Amalia is barely three weeks into her third year and she is probably the worst three-year-old I’ve raised to date. She is relentless with her tantrums. They’re awful. There are literally no words to describe how bad her tantrums are, and I’ve raised two boys through this phase before her. I’ve never seen anything like it, I swear. Literally every single thing that I do or say causes a meltdown of stupendous proportions. I cut her pizza but she wanted it in a slice=meltdown. I gave her a lid on her sippy cup=meltdown. We have to leave the car shopping cart at the store=meltdown. I told her she can’t have candy before bed=meltdown. We have to wait our turn=meltdown. We need to put on our seat belt to leave=meltdown. We have arrived at home and need to get out of the car seat=meltdown. I asked her to throw away her wrapper=meltdown. And when I say “meltdown” it isn’t the cute, lay-on-the-floor-and-cry kind. Amalia’s tantrums are blood-curdling screams, hitting, swinging, crocodile tears, boogers, retching, vomiting, blotchy-faced cataclysmic events that can last more than an hour. There is no escaping her wrath either. She follows me everywhere, piercing my ears with her cries. I can’t even hide in my bedroom or the bathroom without her laying on the floor by the door and screaming at me from the crack at the bottom. And she does this multiple times a day. I’m at my wits end most of the time. I so look forward to her bed time every night because I just want some peace and quiet so that I can process my day without her screams. I hate feeling that way too, because when she’s sweet, she is so so sweet.

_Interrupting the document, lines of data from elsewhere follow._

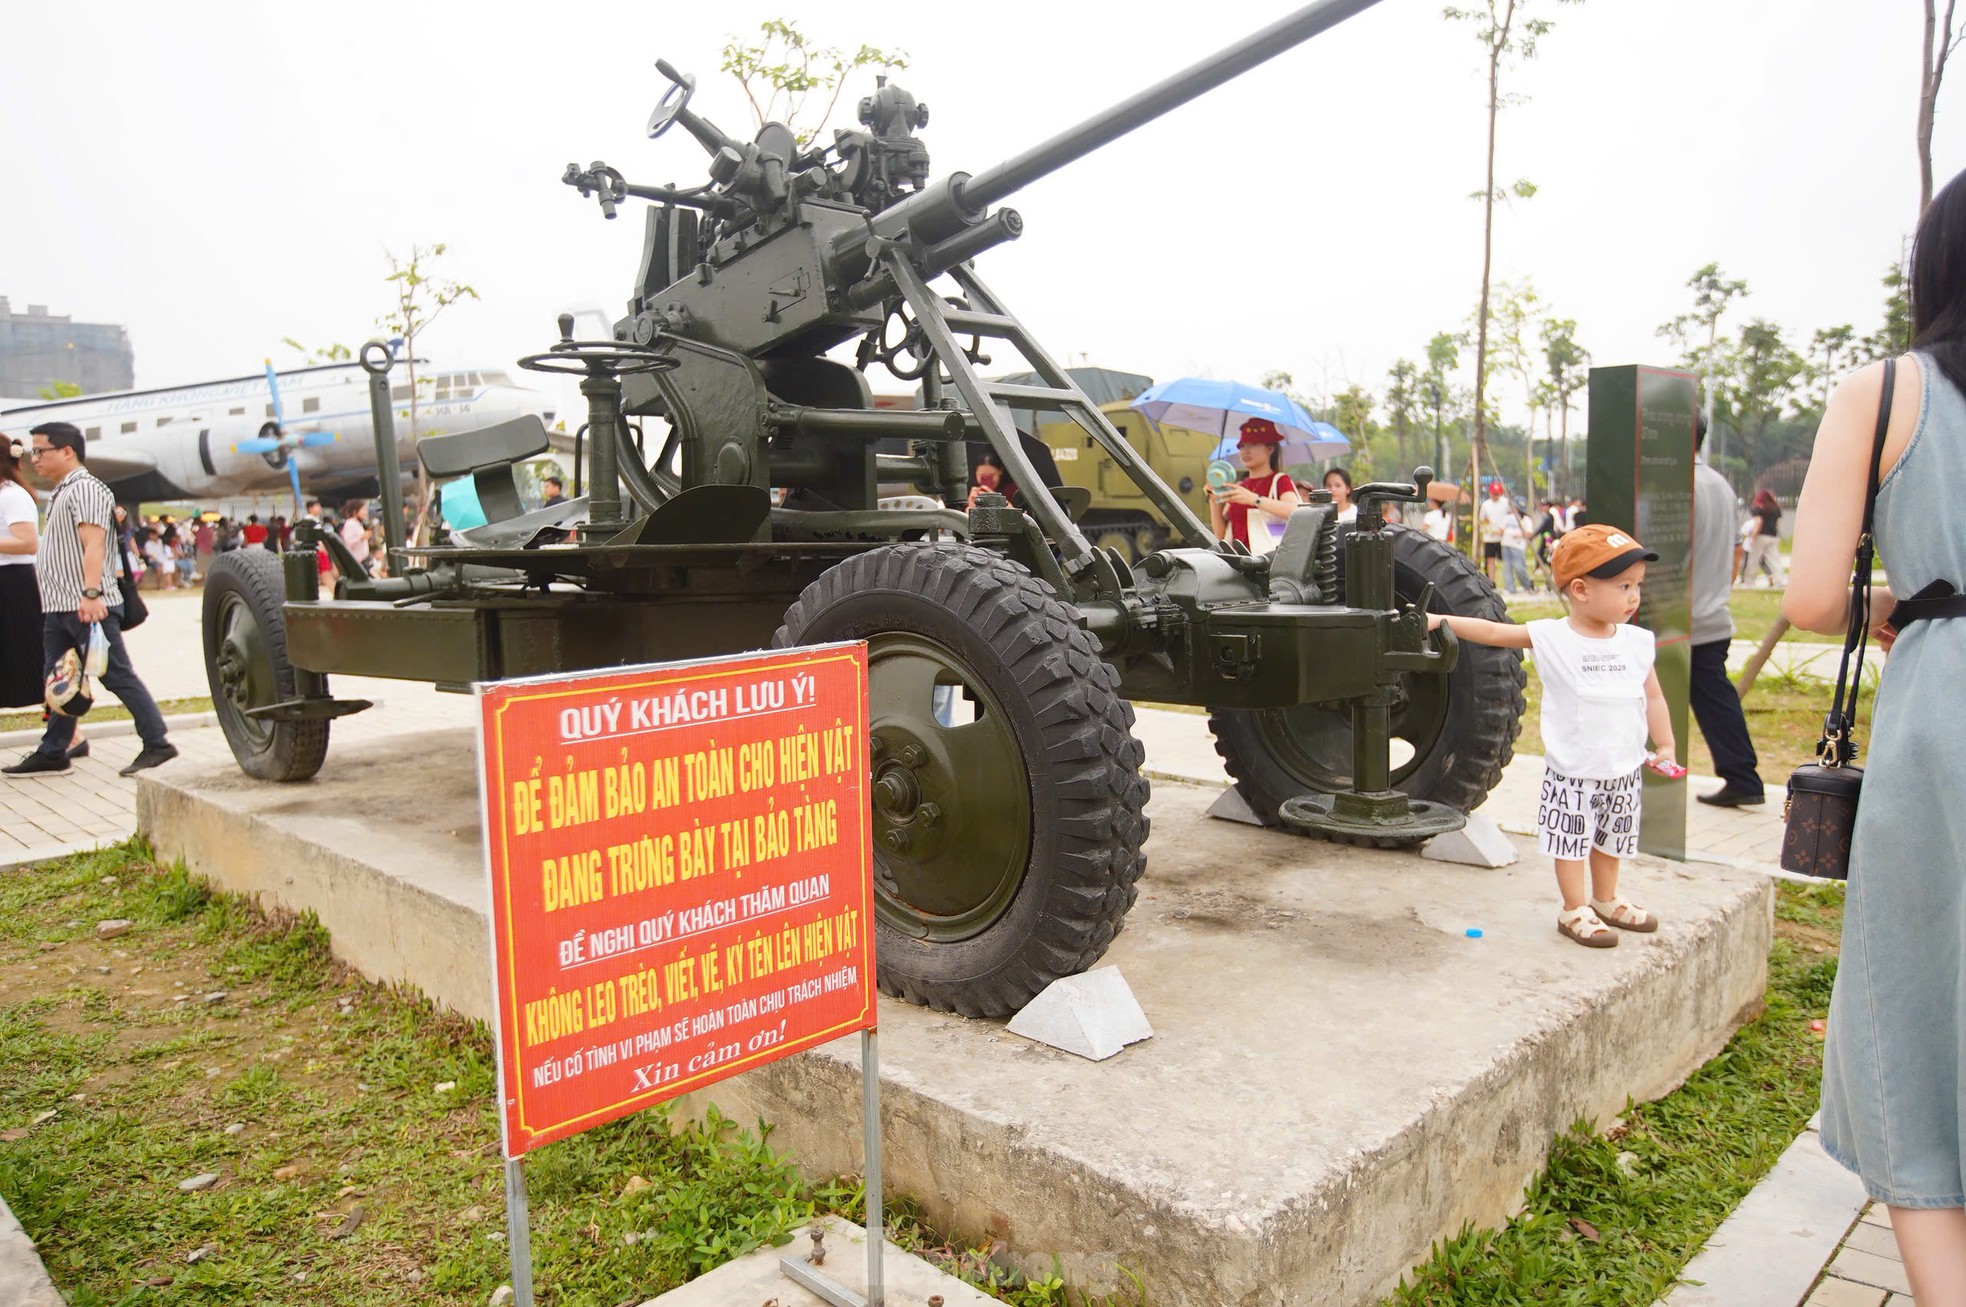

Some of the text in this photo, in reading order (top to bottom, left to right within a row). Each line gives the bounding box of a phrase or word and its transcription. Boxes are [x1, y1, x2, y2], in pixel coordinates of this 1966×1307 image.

[560, 671, 816, 740] QUÝ KHÁCH LƯU Ý!
[513, 717, 854, 836] ĐỂ ĐẢM BẢO AN TOÀN CHO HIỆN VẬT
[543, 794, 837, 913] ĐANG TRƯNG BÀY TẠI BẢO TÀNG
[1546, 832, 1590, 857] TIME
[559, 873, 830, 966] ĐỀ NGHỊ QUÝ KHÁCH THĂM QUAN
[525, 905, 858, 1047] KHÔNG LEO TRÈO, VIẾT, VẼ, KÝ TÊN LÊN HIỆN VẬT
[533, 966, 858, 1088] NẾU CỐ TÌNH VI PHẠM SẼ HOÀN TOÀN CHỊU TRÁCH NHIỆM
[631, 1020, 788, 1093] Xin cảm ơn!
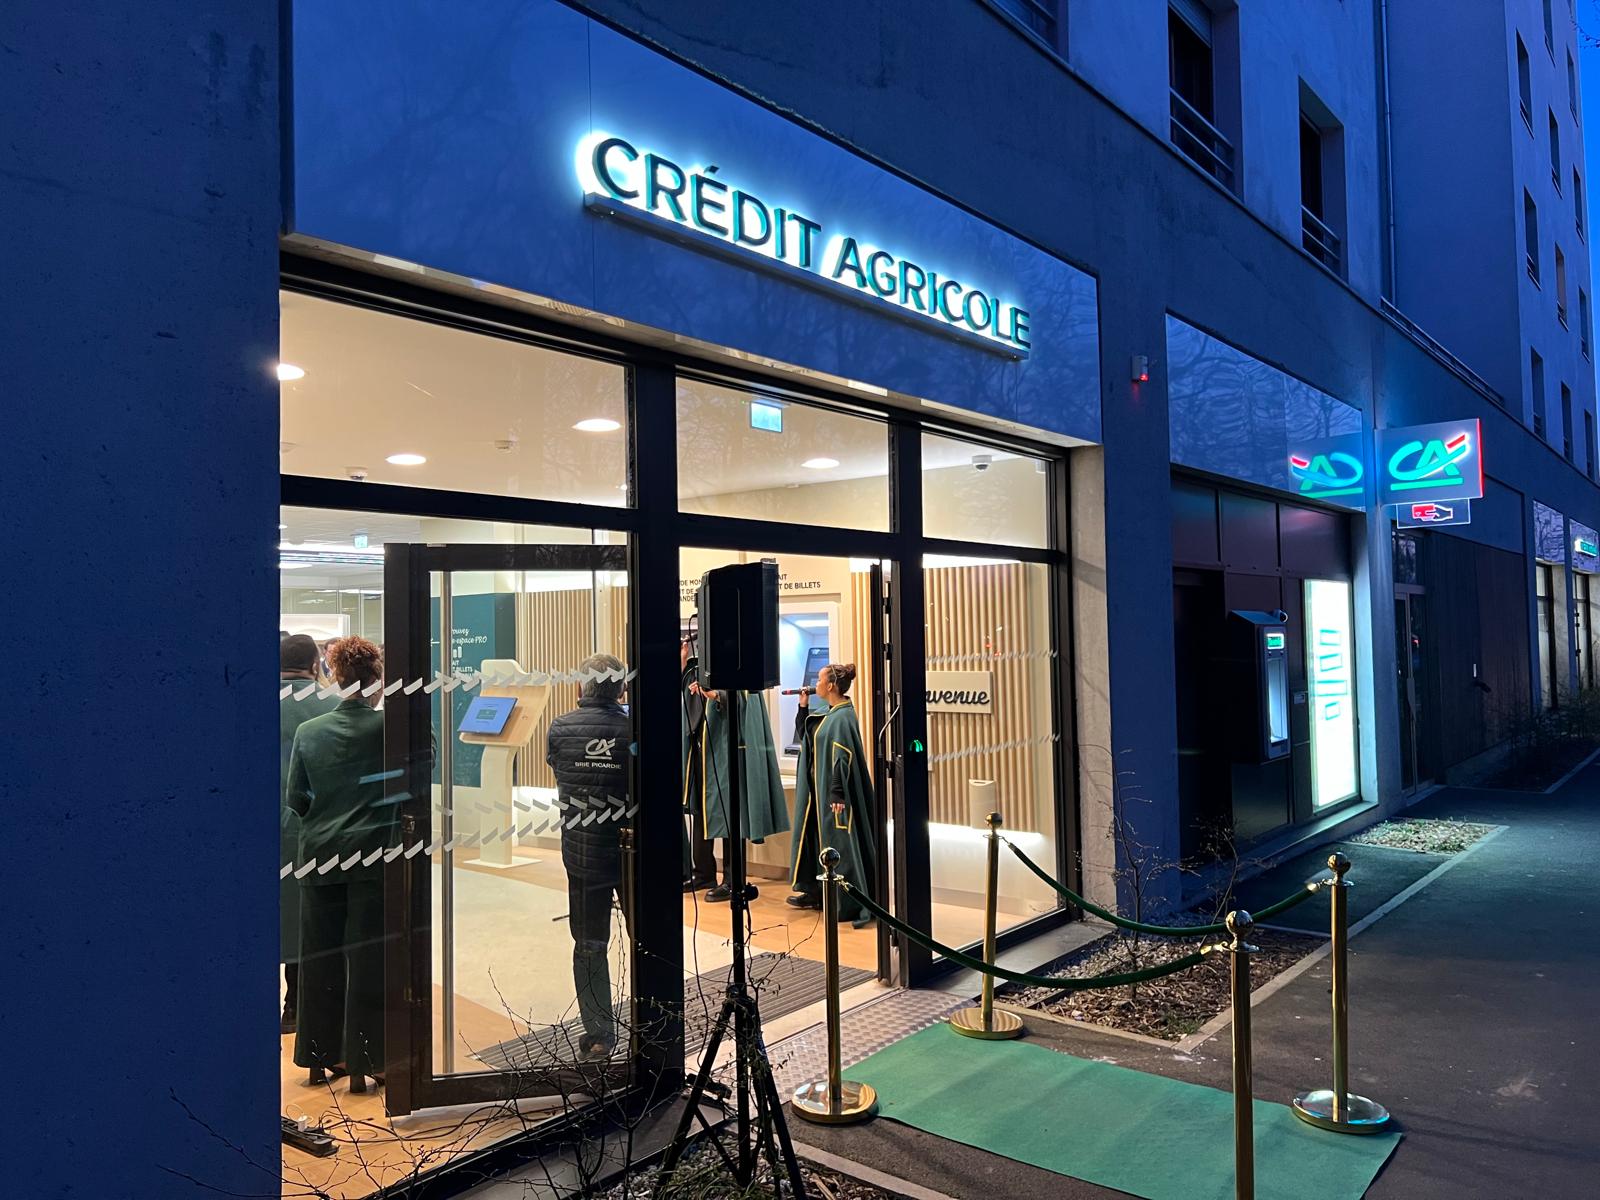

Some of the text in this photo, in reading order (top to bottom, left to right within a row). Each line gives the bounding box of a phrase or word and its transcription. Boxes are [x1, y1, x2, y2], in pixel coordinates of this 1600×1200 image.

Noa is so busy all the time. She loves to play in the toilet, and open cabinets and drawers to dump their contents. She loves to eat the cat food too, so I have to put that up several times a day. I’ve even shut the cat in my room so that he can eat without her getting into it. She is walking so well now that its hard to keep up with where she’s at. She gets into every little thing and everything goes into her mouth. I’m so afraid she will get choked one of these days because the boys leave their things all over the place for her to find.
I feel as though we are in a season where I’m the one to constantly put out the fires that endlessly keep popping up. The boys have toys strewn everywhere so I try to clean that up, and then Amalia bawls because her juice is empty – instead of just asking me nicely, meanwhile Noa is dumping the towel drawer in the kitchen or dunking important things in the toilet bowl.